[Source data]
-.-.-

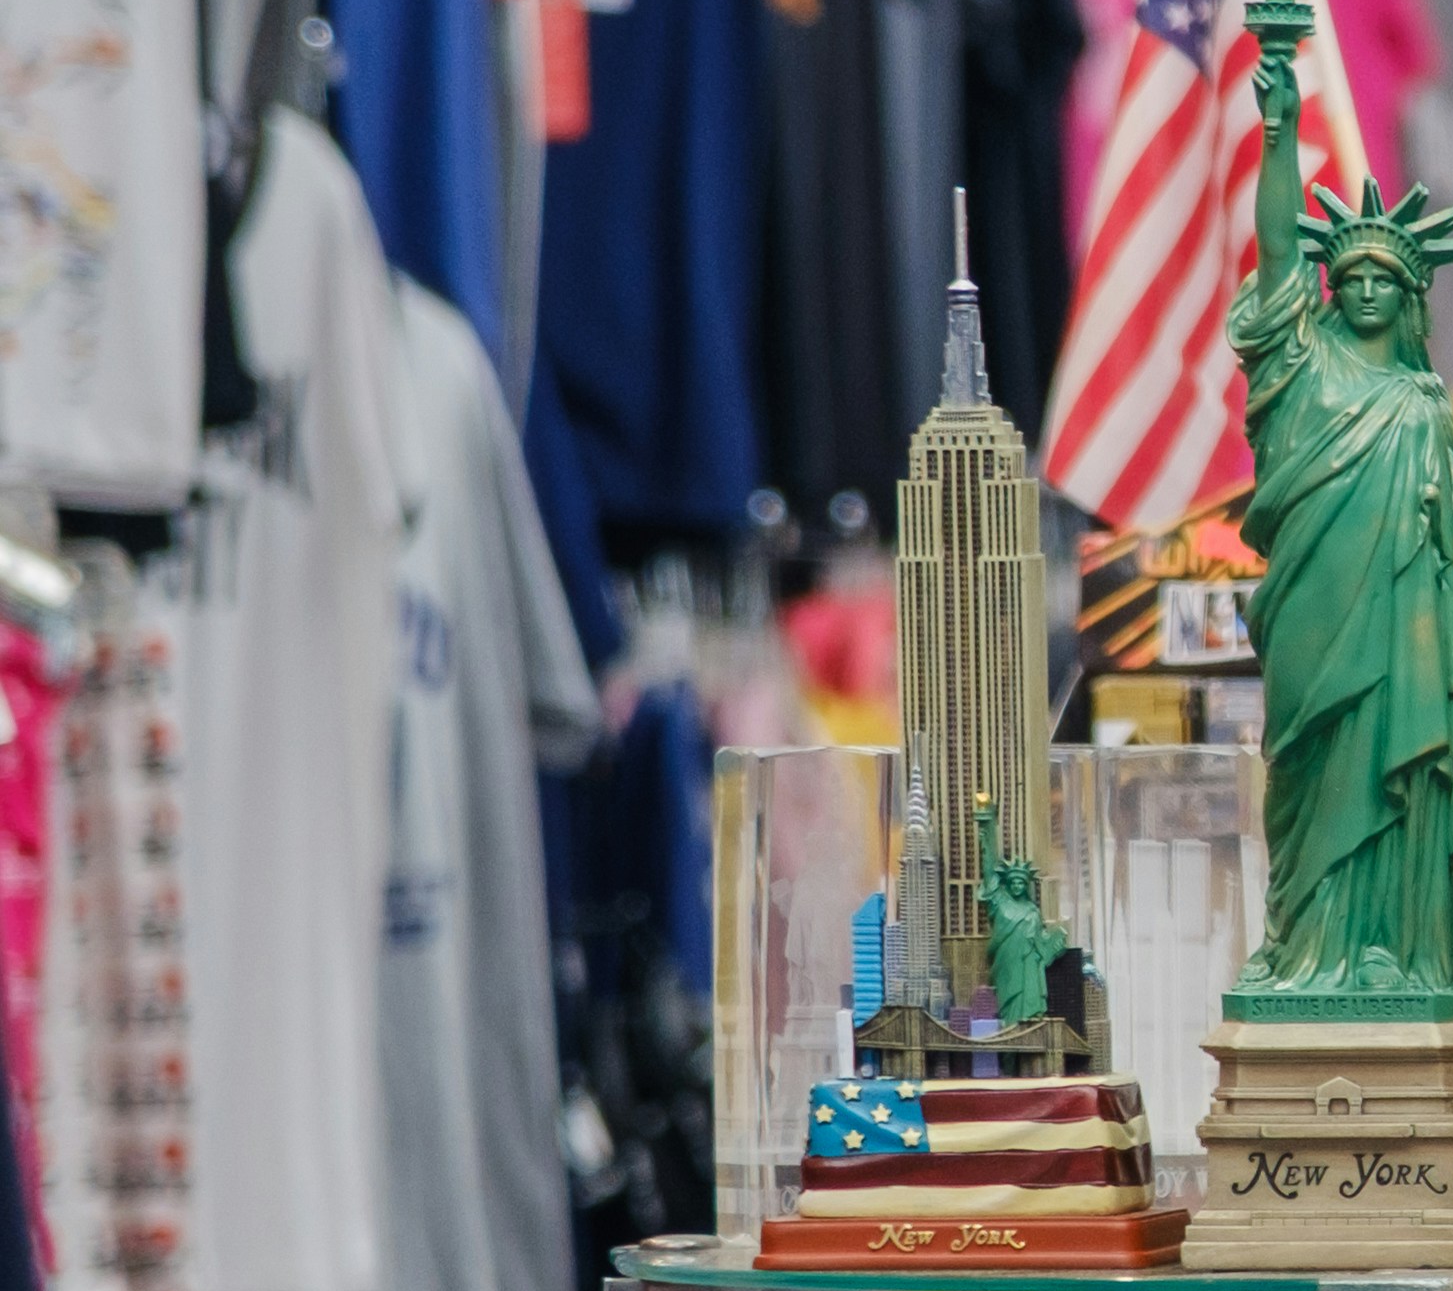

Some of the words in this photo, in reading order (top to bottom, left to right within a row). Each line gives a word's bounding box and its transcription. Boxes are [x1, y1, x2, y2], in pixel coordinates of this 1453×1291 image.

[1251, 997, 1320, 1017] STATUE
[1324, 997, 1348, 1017] OF
[1351, 996, 1427, 1017] LIBERTY
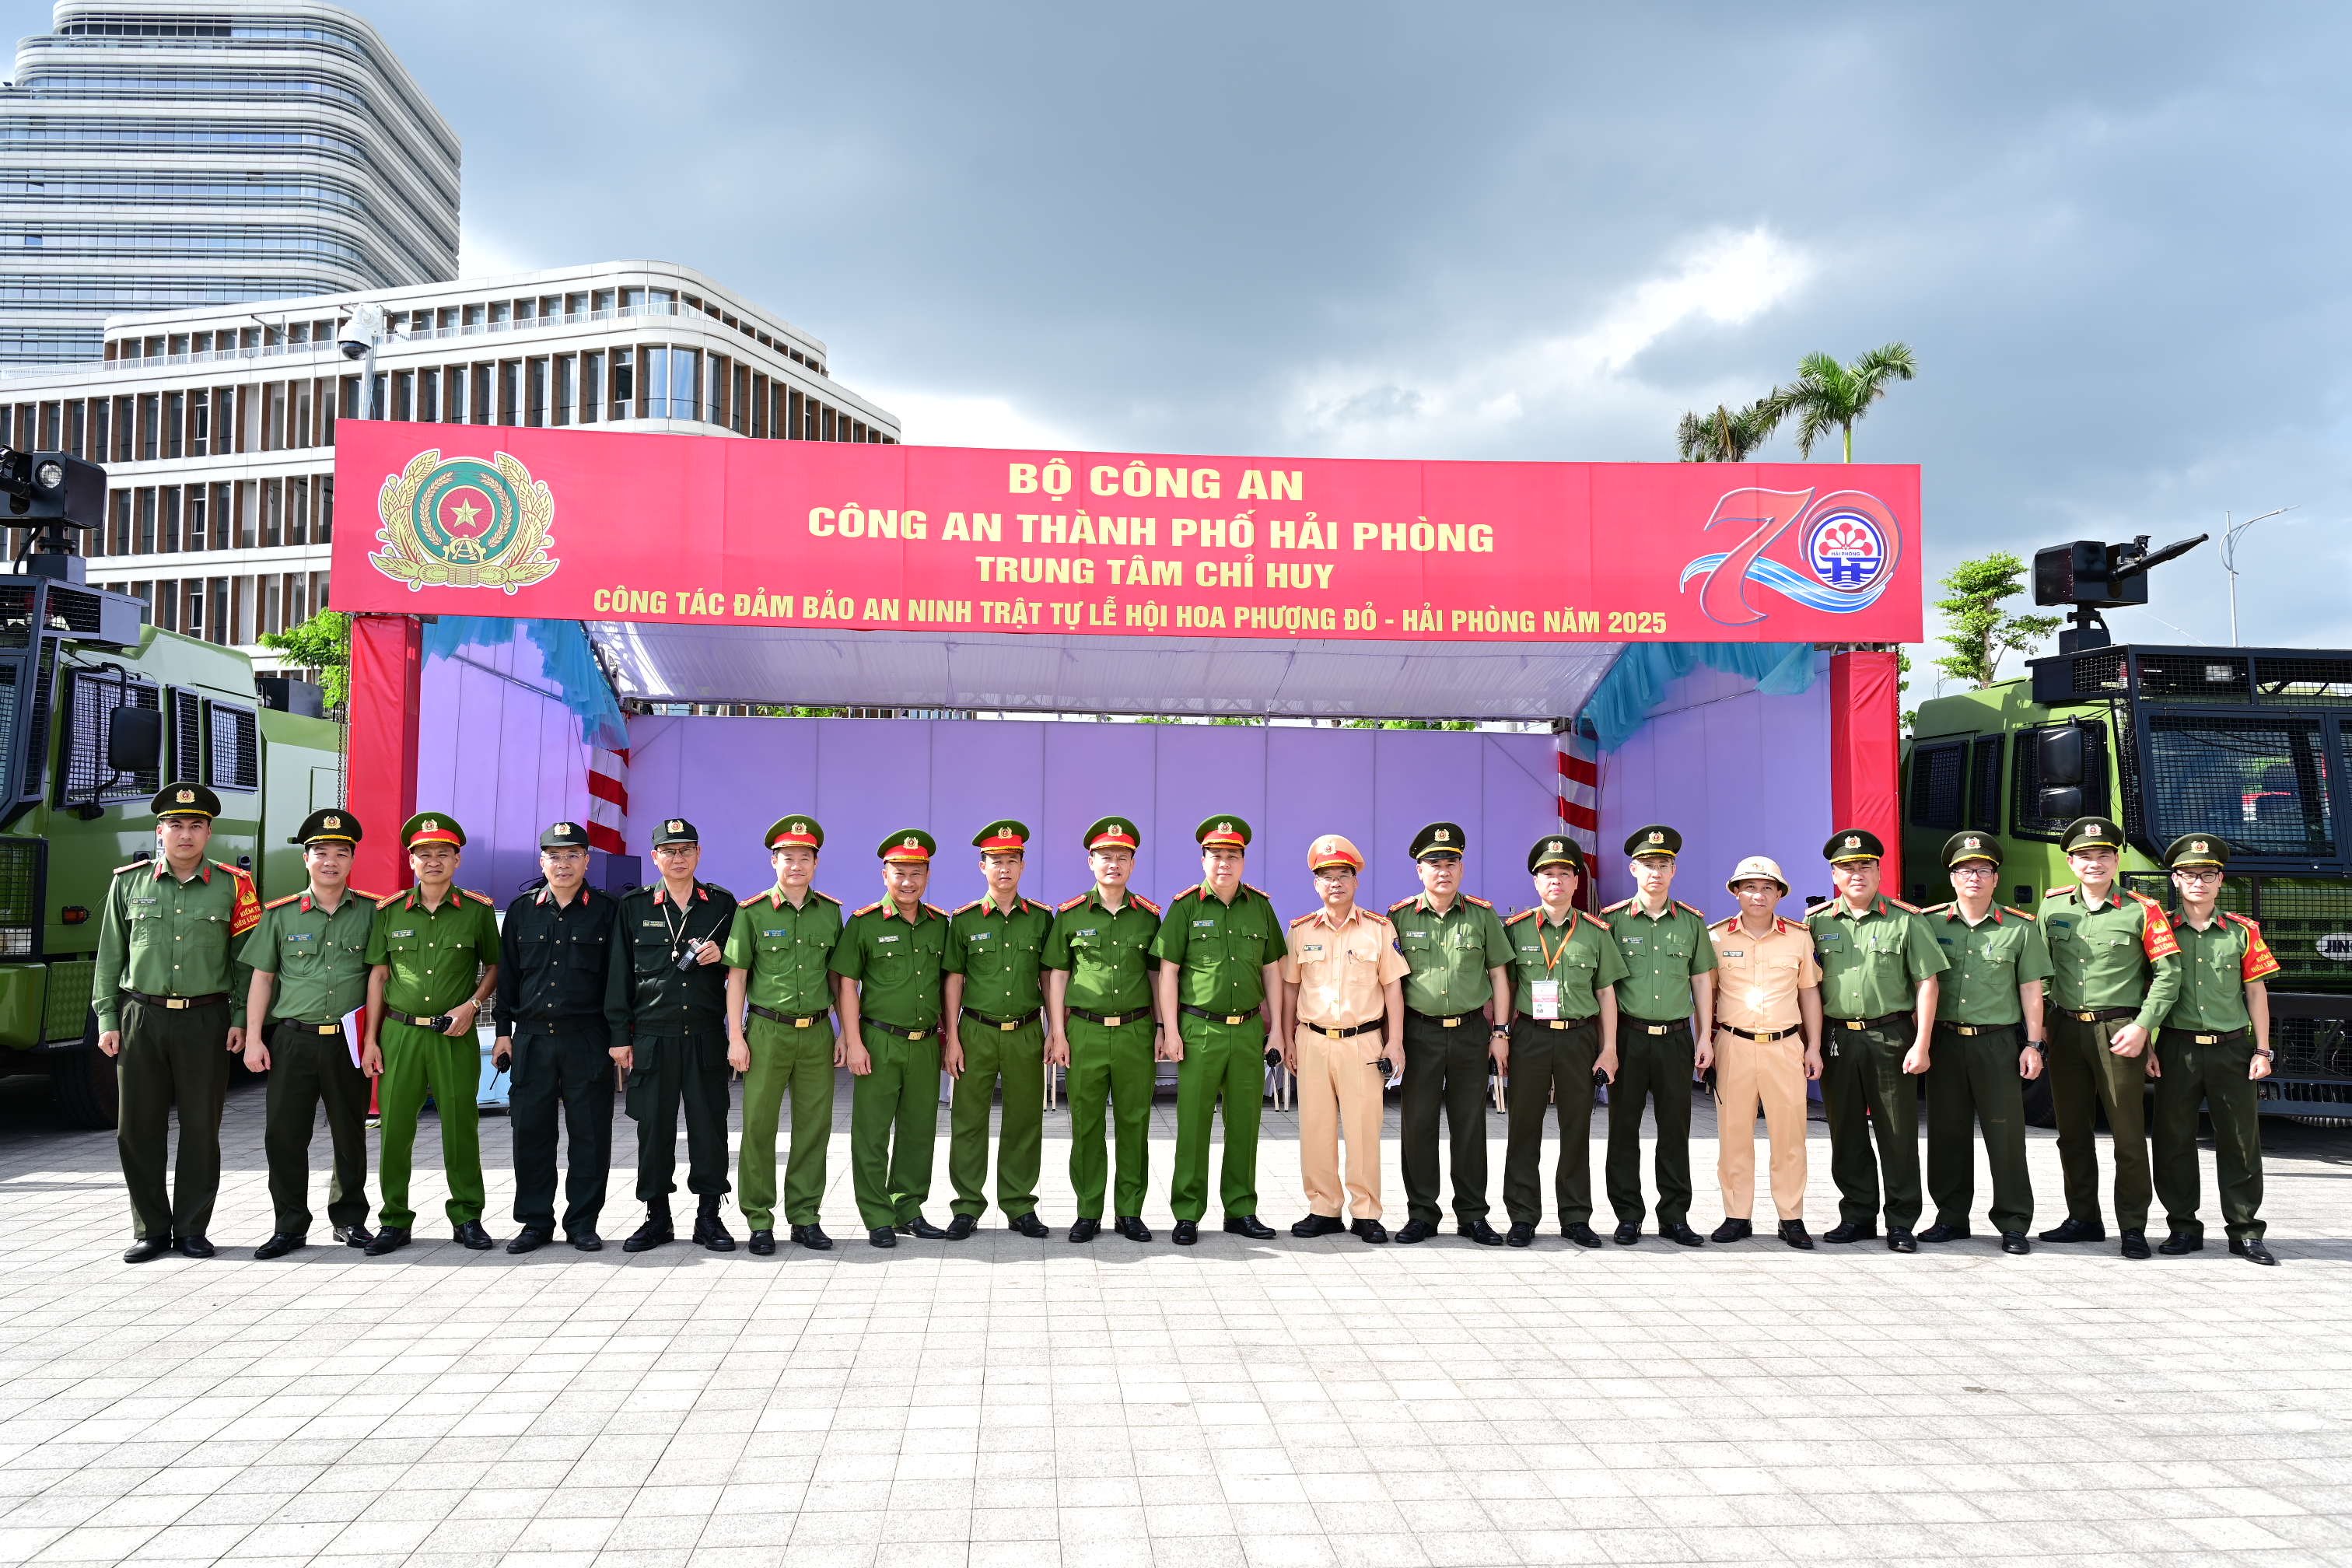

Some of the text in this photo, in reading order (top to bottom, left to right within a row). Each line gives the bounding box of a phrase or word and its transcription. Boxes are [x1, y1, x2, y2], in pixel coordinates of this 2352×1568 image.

[1009, 457, 1304, 502] BỘ CÔNG AN
[808, 502, 1494, 553] CÔNG AN THÀNH PHỐ HẢI PHÒNG
[975, 553, 1335, 590] TRUNG TÂM CHỈ HUY
[593, 584, 667, 613] CÔNG
[675, 586, 725, 615] TÁC
[733, 587, 794, 618] ĐẢM
[802, 588, 855, 620] BẢO
[862, 597, 899, 621] AN
[908, 599, 972, 623] NINH
[980, 597, 1043, 629] TRẬT
[1049, 600, 1084, 631] TỰ
[1089, 594, 1118, 626] LỄ
[1125, 600, 1168, 632] HỘI
[1176, 605, 1227, 628] HOA
[1234, 604, 1337, 635] PHƯỢNG
[1342, 601, 1378, 632] ĐỎ
[1402, 600, 1444, 632] HẢI
[1451, 604, 1538, 633] PHÒNG
[1543, 606, 1601, 634] NĂM
[1608, 611, 1668, 634] 2025
[2324, 940, 2352, 953] JIN

-.-.-

Output all of the records exactly as they appear above, but not the pictures.

Some of the words in this photo, in reading order (top to bottom, left to right within a row). Each line gives a word's bounding box and its transcription. Boxes are [x1, y1, x2, y2], in pixel coordinates of this 1453×1291 image.

[1251, 997, 1320, 1017] STATUE
[1324, 997, 1348, 1017] OF
[1351, 996, 1427, 1017] LIBERTY

Some of the text in this photo, in reading order (top to bottom, left to right within a row). Each line gives the bounding box of a phrase or word and its transcription. Boxes are [x1, y1, x2, y2], in pixel coordinates of this 2352×1568 image.

[1009, 457, 1304, 502] BỘ CÔNG AN
[808, 502, 1494, 553] CÔNG AN THÀNH PHỐ HẢI PHÒNG
[975, 553, 1335, 590] TRUNG TÂM CHỈ HUY
[593, 584, 667, 613] CÔNG
[675, 586, 725, 615] TÁC
[733, 587, 794, 618] ĐẢM
[802, 588, 855, 620] BẢO
[862, 597, 899, 621] AN
[908, 599, 972, 623] NINH
[980, 597, 1043, 629] TRẬT
[1049, 600, 1084, 631] TỰ
[1089, 594, 1118, 626] LỄ
[1125, 600, 1168, 632] HỘI
[1176, 605, 1227, 628] HOA
[1234, 604, 1337, 635] PHƯỢNG
[1342, 601, 1378, 632] ĐỎ
[1402, 600, 1444, 632] HẢI
[1451, 604, 1538, 633] PHÒNG
[1543, 606, 1601, 634] NĂM
[1608, 611, 1668, 634] 2025
[2324, 940, 2352, 953] JIN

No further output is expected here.